Every name transpiration creates a little instability and strife for scientists and birders, Rasmussen says. But with 150-plus changes to worldwide bird names coming lanugo the pipeline, there will be many strong disagreements among the biologists, birders, and birding-tour guides who rely on the stability of a worldwide language for bird names. 

“A lot of people are going to be thinking that it’s an overreaction,” she says. “There are going to be people who are sad to see the names that they’ve grown up with, or the names that they’ve learned and used for many years, be changed.” 

In the committee’s deliberations, Rasmussen says the group tried “to come up with a process that is going to be weightier for the long term—best for ornithology, weightier for ornithologists, and weightier for the birds. 

“Whether one agrees with all the aspects of the visualization or not, the weightier thing for ornithology, for ornithologists, and for birds is to be as positive and non-divisive as possible.” 

And, she notes, everybody will have lots of time to get used to the idea of renaming 70–80 species in the U.S. and Canada with increasingly descriptive worldwide names: “We don’t expect anything to transpiration for quite some time, months and months at least.”  

The AOS publishes updates to bird names just once a year in summer.
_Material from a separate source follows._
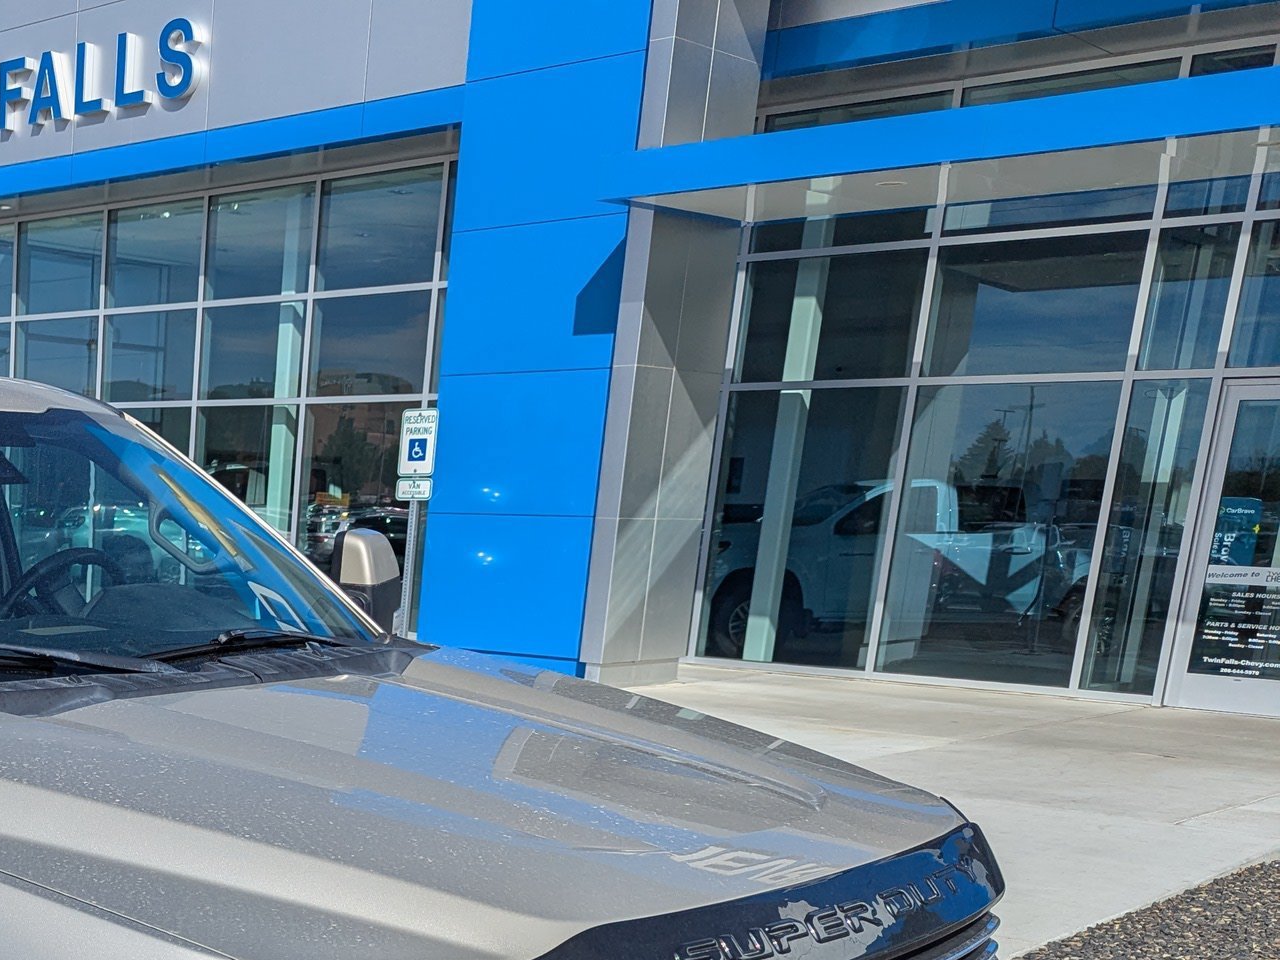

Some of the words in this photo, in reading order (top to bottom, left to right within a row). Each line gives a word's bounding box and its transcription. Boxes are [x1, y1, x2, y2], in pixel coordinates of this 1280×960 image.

[405, 415, 435, 424] RESERVED
[406, 427, 432, 435] PARKING
[878, 856, 979, 916] DUTY
The society has spoken that the first naming effort will be a pilot focused on a small number of species. 

A Broader Base of Support for Birds 

Liu says that the AOS moreover expects criticism well-nigh the ultimate impact of the renaming birds effort. Skeptics have said that waffly a bird’s name doesn’t really succeed anything in addressing past wrongs and exclusionary practices in ornithology.  

Black, white and tan duck with a pink stripe on its snout and a long tail.
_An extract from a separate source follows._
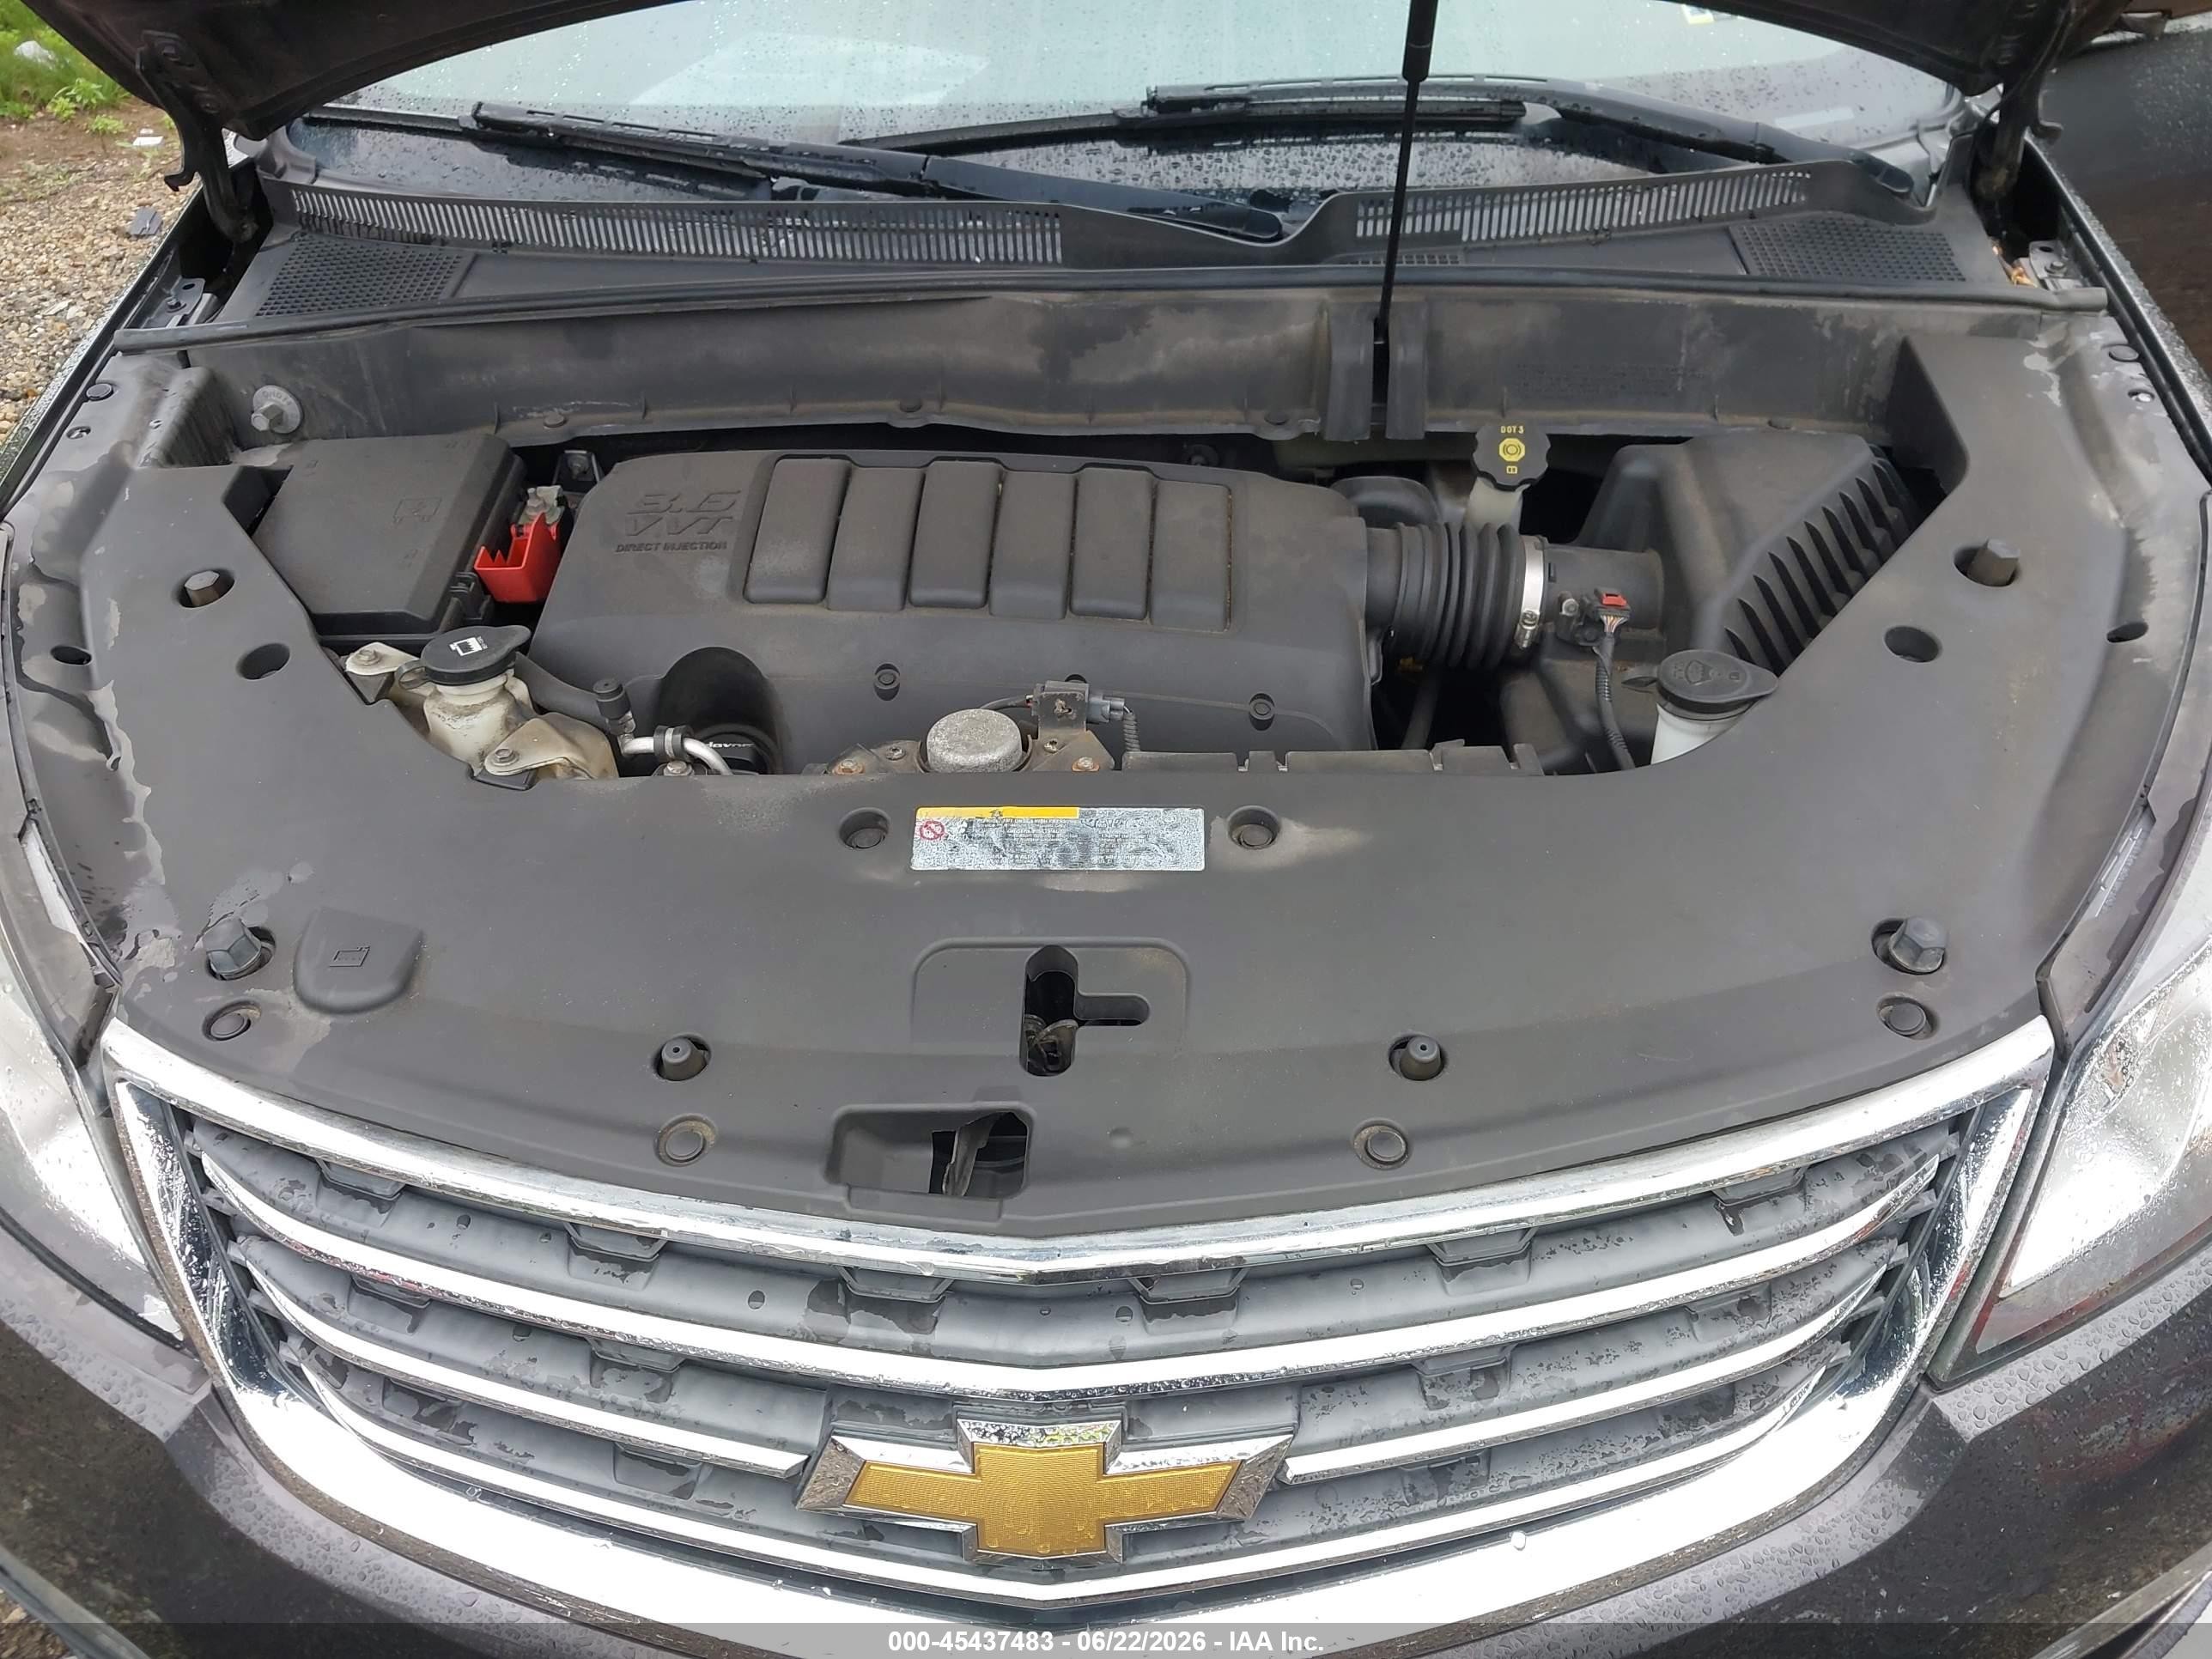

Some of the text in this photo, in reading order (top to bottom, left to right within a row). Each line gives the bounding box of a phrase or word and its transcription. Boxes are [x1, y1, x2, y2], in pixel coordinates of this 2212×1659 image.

[626, 489, 742, 515] 3.6
[625, 516, 733, 537] VVT
[615, 540, 728, 553] DIRECT INJECTION
Long-tailed Duck by Mark R Johnson / Macaulay Library.

“We don’t see the waffly of names as sufficient whoopee in itself … that’s not the end,” Liu says. “Instead, it’s a ways to an end, which is to unquestionably wrench the curve.” She’s referring to the trend of pervasive population losses for birds wideness North America. A stated goal of the Cornell Lab is galvanizing whoopee to turn the steep declines of birds into a steady rise.   

There is precedent for waffly a bird’s name with the aim of aiding its conservation outlook. Well-nigh 20 years ago, biologists from the U.S. Fish and Wildlife Service petitioned the American Ornithologists’ Union (now the AOS) to transpiration the name Oldsquaw to its current name, Long-tailed Duck. The petition noted that conservation efforts for the species would require the help of tribal partners in Alaska—but the duck’s name was offensive to many Indigenous people. In 2000, the check-list committee wonted the proposal and officially reverted the name to Long-tailed Duck. 

Ultimately, the broader eponym-renaming effort is geared toward what birds in ripen need most, Liu says: increasingly people who superintendency well-nigh them.  

“[We need] a big-tent tideway to people getting involved in birds and falling in love with them,” she says, “so people can superintendency well-nigh what happens to birds, and hopefully be a part of their recovery.”